─── Dataset records ───
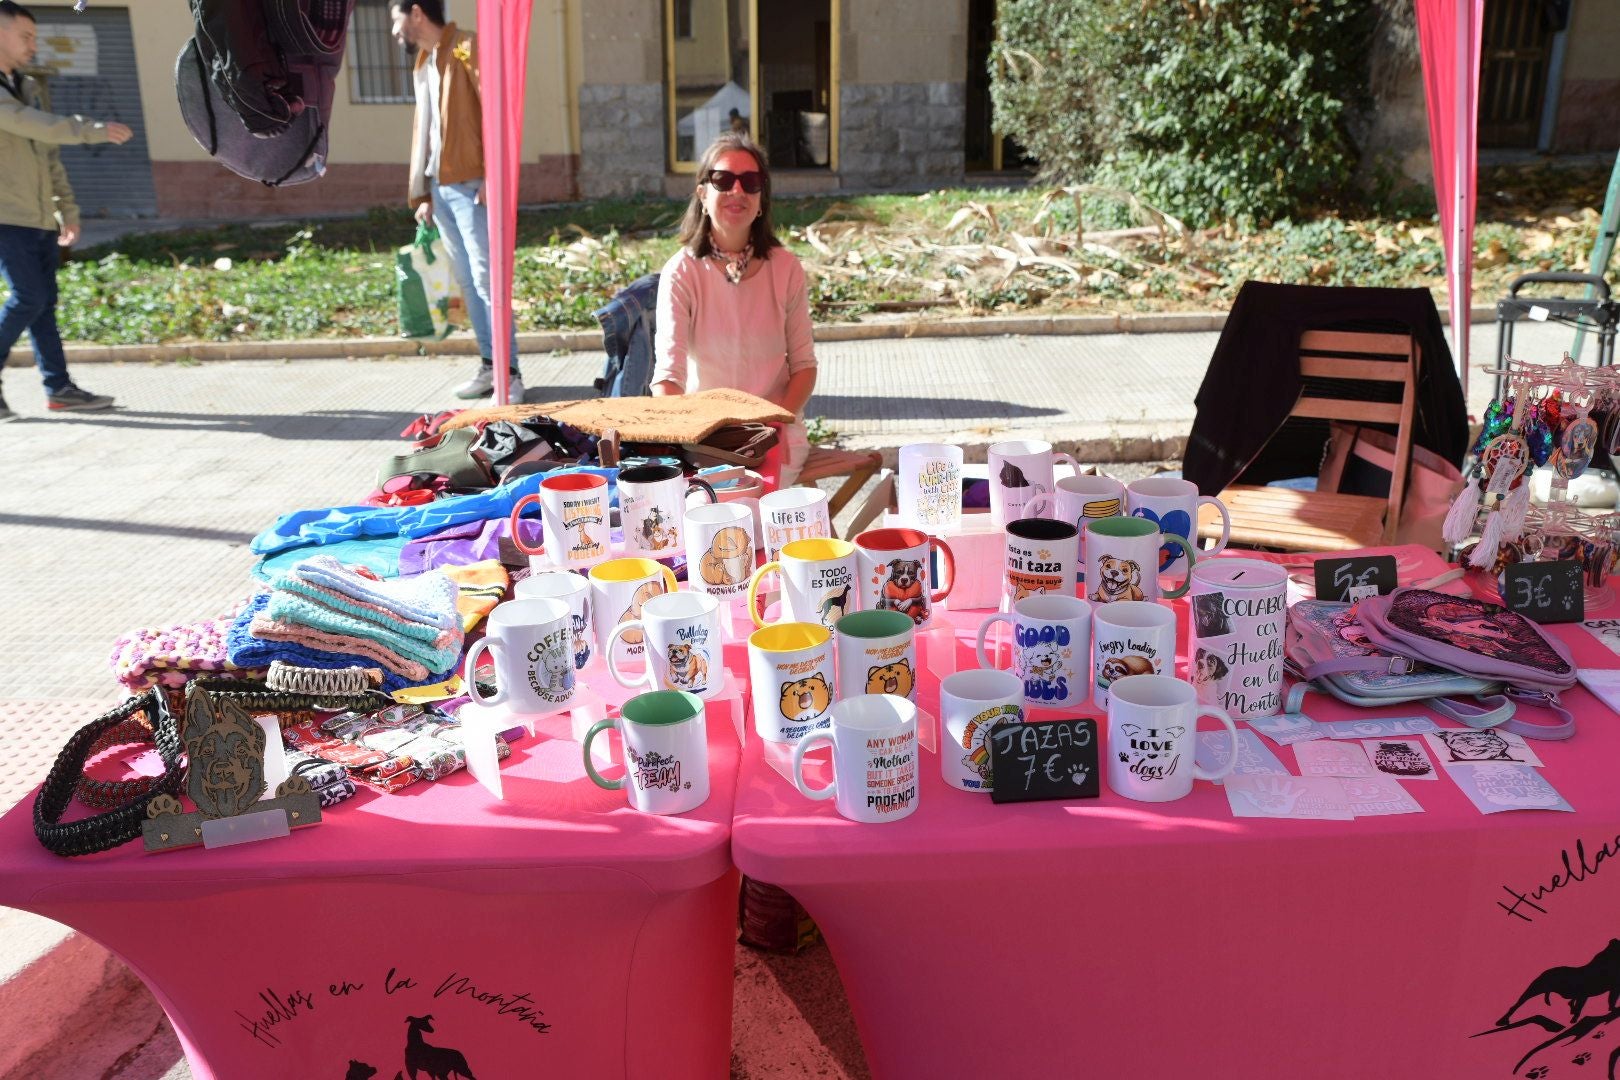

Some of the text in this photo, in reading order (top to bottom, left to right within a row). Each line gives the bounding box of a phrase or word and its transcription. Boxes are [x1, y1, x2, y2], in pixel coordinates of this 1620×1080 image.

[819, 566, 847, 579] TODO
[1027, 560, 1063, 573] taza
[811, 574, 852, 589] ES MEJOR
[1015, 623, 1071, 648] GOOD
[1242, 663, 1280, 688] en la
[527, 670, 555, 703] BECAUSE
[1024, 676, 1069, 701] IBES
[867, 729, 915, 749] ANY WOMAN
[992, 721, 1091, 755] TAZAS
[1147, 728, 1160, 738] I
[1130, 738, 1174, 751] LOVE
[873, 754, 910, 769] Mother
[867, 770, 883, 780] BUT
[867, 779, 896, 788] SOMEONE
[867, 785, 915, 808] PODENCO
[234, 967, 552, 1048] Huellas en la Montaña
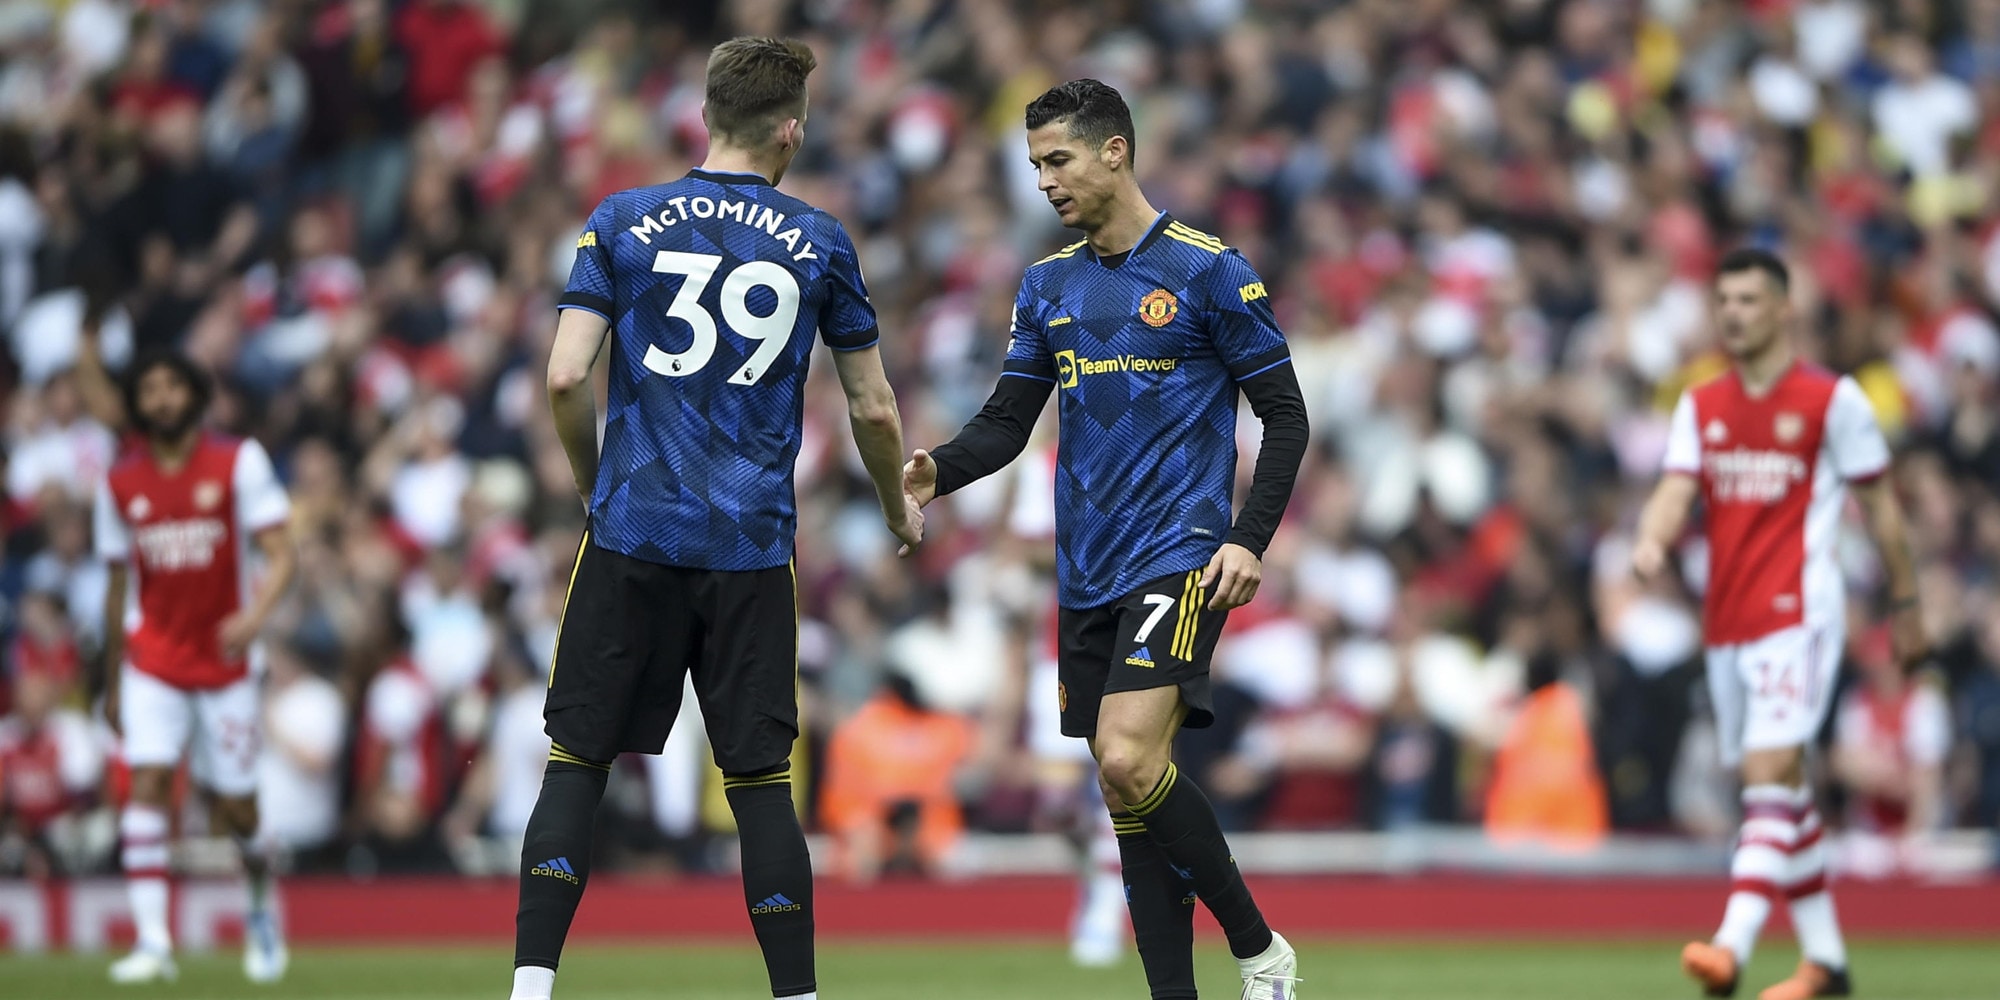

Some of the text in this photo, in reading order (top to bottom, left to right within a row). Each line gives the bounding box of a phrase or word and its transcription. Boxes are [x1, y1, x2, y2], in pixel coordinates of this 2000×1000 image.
───
> **Task brief**
Copy out all the data exactly; skip the pictures.

> **Solution**
Some of the text in this photo, in reading order (top to bottom, left to right within a row). Each line gives the bounding box of a phrase or word and its transcription. Boxes are [x1, y1, x2, y2], in pixel coordinates of this 1620×1080 image.

[819, 566, 847, 579] TODO
[1027, 560, 1063, 573] taza
[811, 574, 852, 589] ES MEJOR
[1015, 623, 1071, 648] GOOD
[1242, 663, 1280, 688] en la
[527, 670, 555, 703] BECAUSE
[1024, 676, 1069, 701] IBES
[867, 729, 915, 749] ANY WOMAN
[992, 721, 1091, 755] TAZAS
[1147, 728, 1160, 738] I
[1130, 738, 1174, 751] LOVE
[873, 754, 910, 769] Mother
[867, 770, 883, 780] BUT
[867, 779, 896, 788] SOMEONE
[867, 785, 915, 808] PODENCO
[234, 967, 552, 1048] Huellas en la Montaña

Some of the text in this photo, in reading order (top to bottom, left to right within a row). Each line gives the bounding box of a phrase or word and its transcription. Boxes are [x1, y1, x2, y2], in pixel coordinates of this 2000×1000 image.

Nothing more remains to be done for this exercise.